● **Assignment**:
Pictures in the data must not be copied, but everything else should be output exactly.

- - -

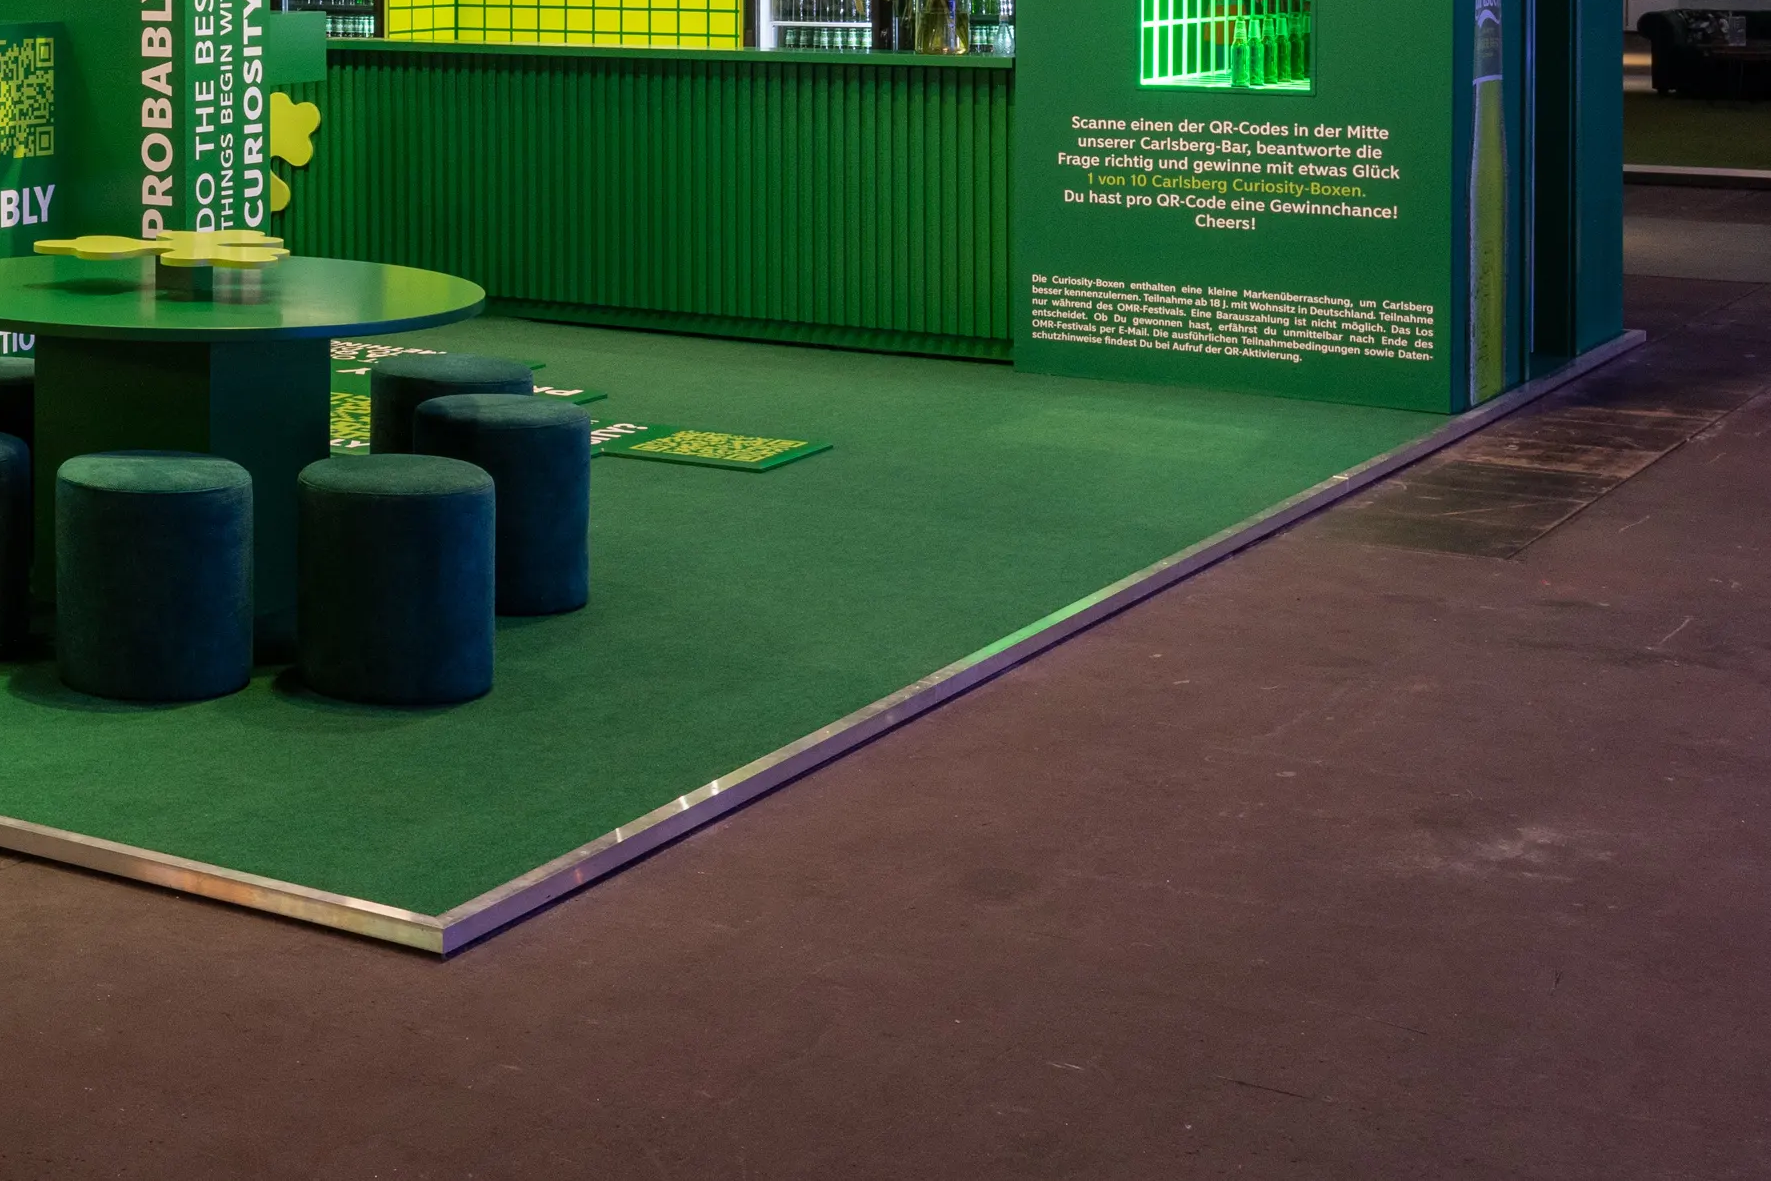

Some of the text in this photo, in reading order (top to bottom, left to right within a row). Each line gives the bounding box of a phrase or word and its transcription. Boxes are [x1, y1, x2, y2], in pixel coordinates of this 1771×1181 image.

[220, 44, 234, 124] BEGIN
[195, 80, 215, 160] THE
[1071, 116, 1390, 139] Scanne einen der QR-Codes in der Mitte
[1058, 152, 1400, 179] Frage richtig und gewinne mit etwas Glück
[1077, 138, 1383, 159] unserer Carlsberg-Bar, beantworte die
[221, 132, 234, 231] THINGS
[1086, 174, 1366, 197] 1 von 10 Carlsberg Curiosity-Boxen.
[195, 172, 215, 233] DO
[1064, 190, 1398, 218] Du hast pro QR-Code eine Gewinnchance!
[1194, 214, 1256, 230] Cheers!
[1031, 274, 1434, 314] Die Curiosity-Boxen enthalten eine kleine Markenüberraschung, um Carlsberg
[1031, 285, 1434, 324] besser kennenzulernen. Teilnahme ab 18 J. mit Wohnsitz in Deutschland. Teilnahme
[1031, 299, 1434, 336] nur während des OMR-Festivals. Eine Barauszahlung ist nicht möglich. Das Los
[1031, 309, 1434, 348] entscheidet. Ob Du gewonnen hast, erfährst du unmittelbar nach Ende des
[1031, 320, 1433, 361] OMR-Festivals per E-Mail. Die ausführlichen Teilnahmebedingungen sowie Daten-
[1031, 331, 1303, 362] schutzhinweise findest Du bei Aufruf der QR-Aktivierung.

- - -

● **Reply**:
Some of the text in this photo, in reading order (top to bottom, left to right within a row). Each line gives the bounding box of a phrase or word and its transcription. Boxes are [x1, y1, x2, y2], in pixel coordinates of this 1771×1181 image.

[220, 44, 234, 124] BEGIN
[195, 80, 215, 160] THE
[1071, 116, 1390, 139] Scanne einen der QR-Codes in der Mitte
[1058, 152, 1400, 179] Frage richtig und gewinne mit etwas Glück
[1077, 138, 1383, 159] unserer Carlsberg-Bar, beantworte die
[221, 132, 234, 231] THINGS
[1086, 174, 1366, 197] 1 von 10 Carlsberg Curiosity-Boxen.
[195, 172, 215, 233] DO
[1064, 190, 1398, 218] Du hast pro QR-Code eine Gewinnchance!
[1194, 214, 1256, 230] Cheers!
[1031, 274, 1434, 314] Die Curiosity-Boxen enthalten eine kleine Markenüberraschung, um Carlsberg
[1031, 285, 1434, 324] besser kennenzulernen. Teilnahme ab 18 J. mit Wohnsitz in Deutschland. Teilnahme
[1031, 299, 1434, 336] nur während des OMR-Festivals. Eine Barauszahlung ist nicht möglich. Das Los
[1031, 309, 1434, 348] entscheidet. Ob Du gewonnen hast, erfährst du unmittelbar nach Ende des
[1031, 320, 1433, 361] OMR-Festivals per E-Mail. Die ausführlichen Teilnahmebedingungen sowie Daten-
[1031, 331, 1303, 362] schutzhinweise findest Du bei Aufruf der QR-Aktivierung.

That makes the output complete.